Please retype all of the entries that follow, leaving the images out.

(Data items)

________________________________________

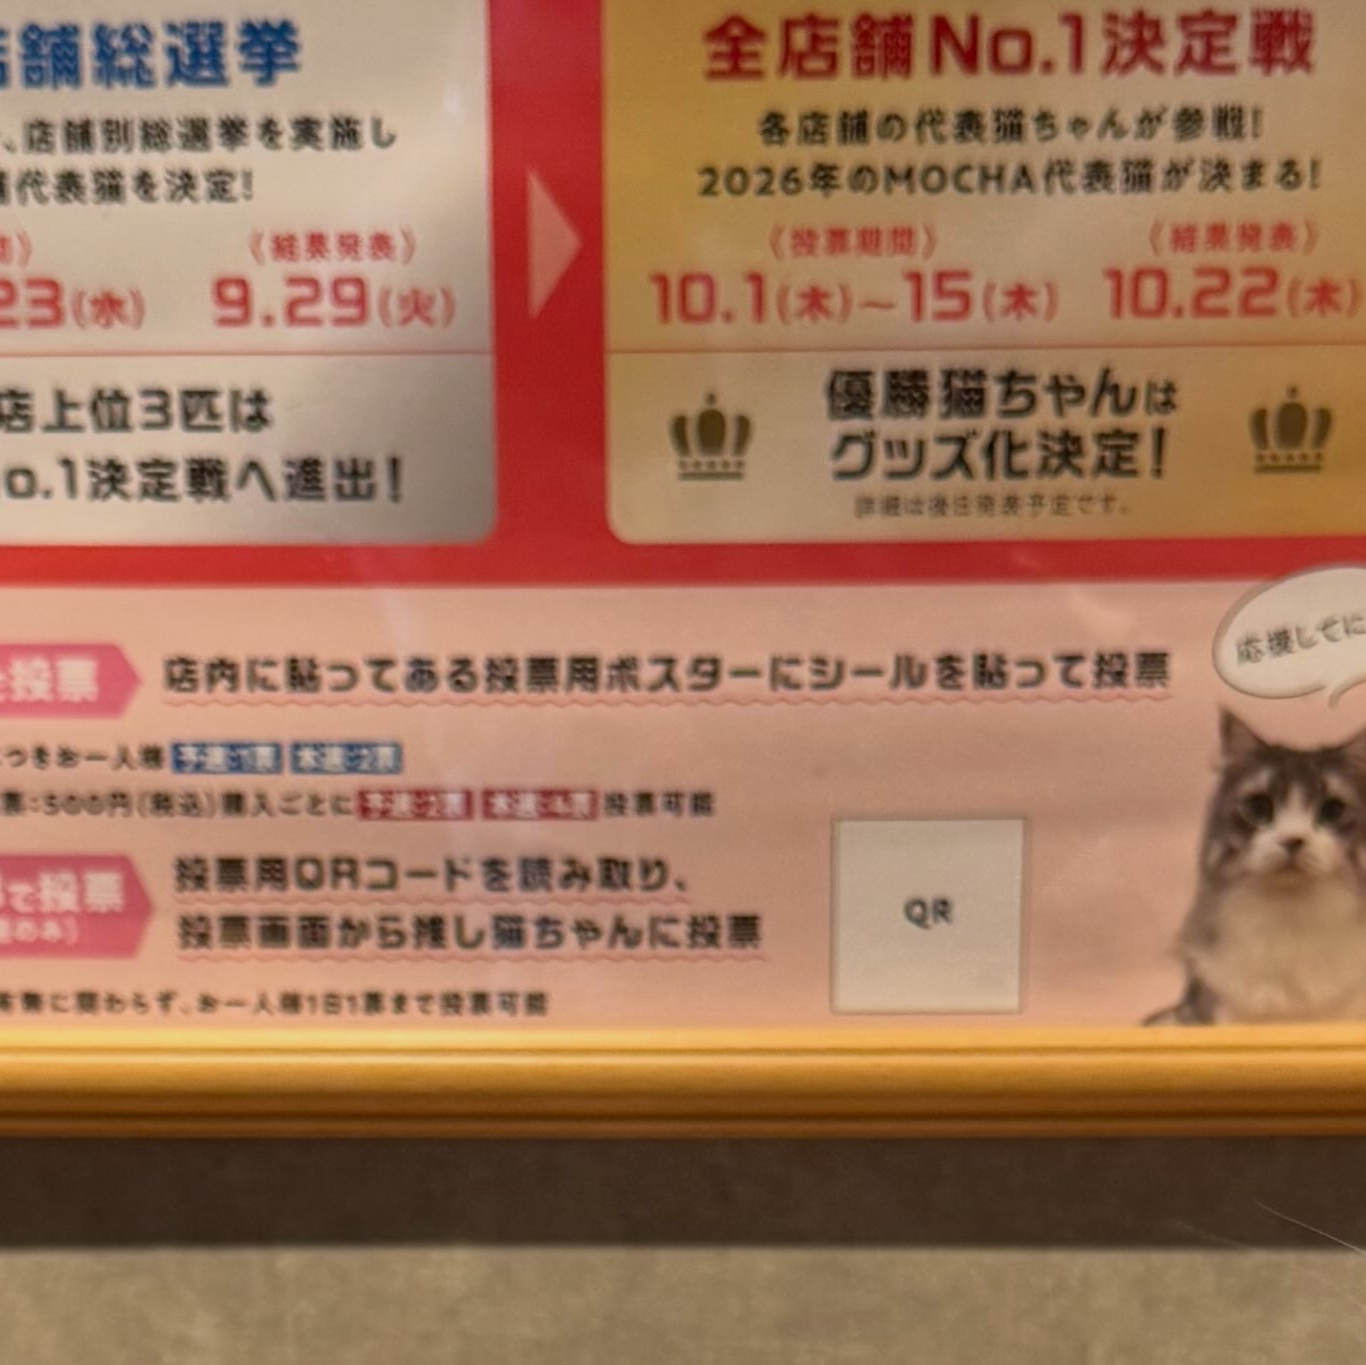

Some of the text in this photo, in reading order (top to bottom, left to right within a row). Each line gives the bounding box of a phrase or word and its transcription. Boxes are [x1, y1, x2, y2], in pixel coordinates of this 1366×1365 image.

[704, 9, 1315, 81] 全店舗No.1決定戦
[757, 106, 1263, 146] 各店舗の代表猫ちゃんが参戦!
[696, 158, 1321, 197] 2026年のMOCHA代表猫が決まる!
[826, 368, 1177, 420] 優勝猫ちゃんは
[830, 429, 1165, 483] グッズ化決定!
[162, 652, 1171, 695] 店内に貼ってある投票用ポスターにシールを貼って投票
[178, 913, 764, 951] 投票画面から推し猫ちゃんに投票
[904, 897, 952, 929] QR

________________________________________

**COMPLETED EXERCISE**
Some of the text in this photo, in reading order (top to bottom, left to right within a row). Each line gives the bounding box of a phrase or word and its transcription. Boxes are [x1, y1, x2, y2], in pixel coordinates of this 1366×1365 image.

[704, 9, 1315, 81] 全店舗No.1決定戦
[757, 106, 1263, 146] 各店舗の代表猫ちゃんが参戦!
[696, 158, 1321, 197] 2026年のMOCHA代表猫が決まる!
[826, 368, 1177, 420] 優勝猫ちゃんは
[830, 429, 1165, 483] グッズ化決定!
[162, 652, 1171, 695] 店内に貼ってある投票用ポスターにシールを貼って投票
[178, 913, 764, 951] 投票画面から推し猫ちゃんに投票
[904, 897, 952, 929] QR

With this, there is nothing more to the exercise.